Maecenas
sit ALIQUAM
Terreiro de Compositores
Defendendo a bandeira do samba
Os imigrantes forçados, negros africanos feitos escravos chegam ao território brasileiro trazendo consigo farrapos de roupas e a sua cultura. Proibidos de expressar abertamente sua religiosidade, suas danças a cantorias acompanhadas por seus tambores, encontram formas e maneiras para driblar estas imposições. Uma delas se desenvolve através do sincretismo, e seus festejos geralmente aconteciam apartadas das festas do branco, nas festas profanas religiosas. Obrigados a acompanhar seus senhores, levando seus pertences, se dirigiam em romarias para as festas religiosas como por exemplo Bom Jesus de Pirapora.

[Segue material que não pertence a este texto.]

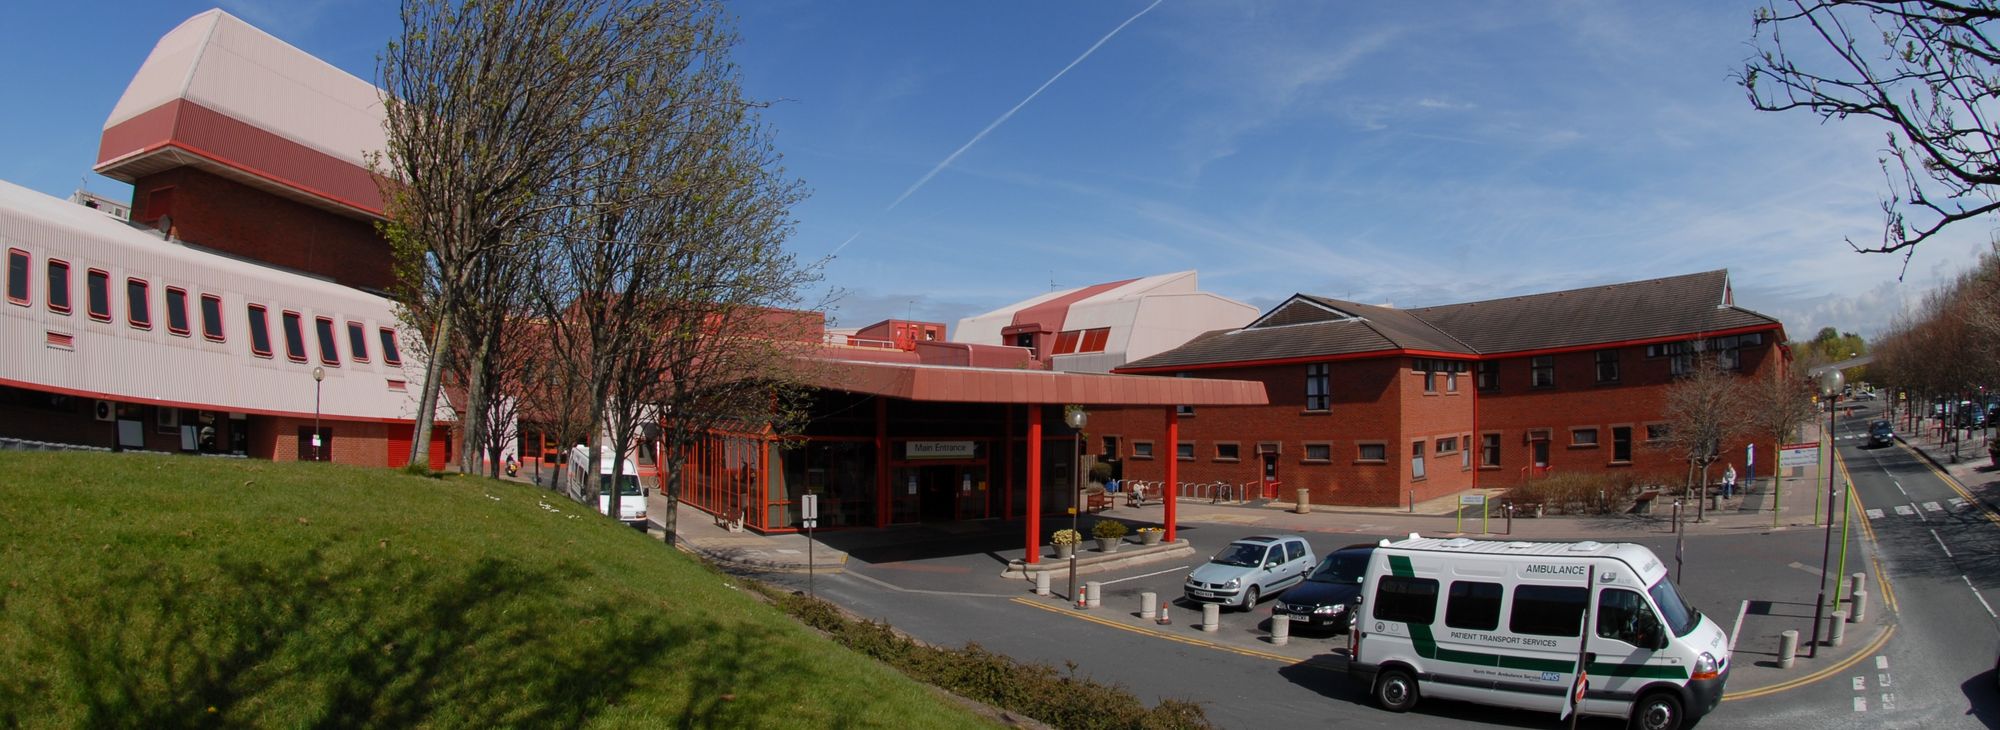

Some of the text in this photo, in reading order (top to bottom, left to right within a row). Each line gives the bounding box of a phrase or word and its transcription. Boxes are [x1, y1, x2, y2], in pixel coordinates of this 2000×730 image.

Desde sempre perseguidos, estes artistas desenvolviam sua arte e cultura escondidos. As grandes defensoras e protetoras foram as Tias de Santo, como Tia Ciata no Rio de Janeiro e Tia Olímpia em São Paulo, respeitadas porque as autoridades tinham medo de sua religiosidade, principalmente por não terem o conhecimento de tal expressão. A polícia não tinha pena e descia o porrete apenas por estar levando um violão pela rua. Criou-se então vários terreiros onde estes artistas anônimos podiam expressar sua arte.
Surgimento Escolas de Samba
Surgem as Escolas de Samba, depois transformadas em Grêmios para atender as exigências do poder público. O Carnaval se transforma num grande espetáculo internacional e muitos compositores perdem os locais onde podiam apresentar suas composições e seus sambas. Estes artistas passam a se reunir nas periferias, em bares, praças, ruas, centro culturais para apresentar seus trabalhos e também rememorar os grandes sambas da história e seus compositores. Forma-se assim o embrião das Comunidades e Terreiros de Samba por toda e periferia da cidade e seu entorno, alcançando todo o estado de São Paulo.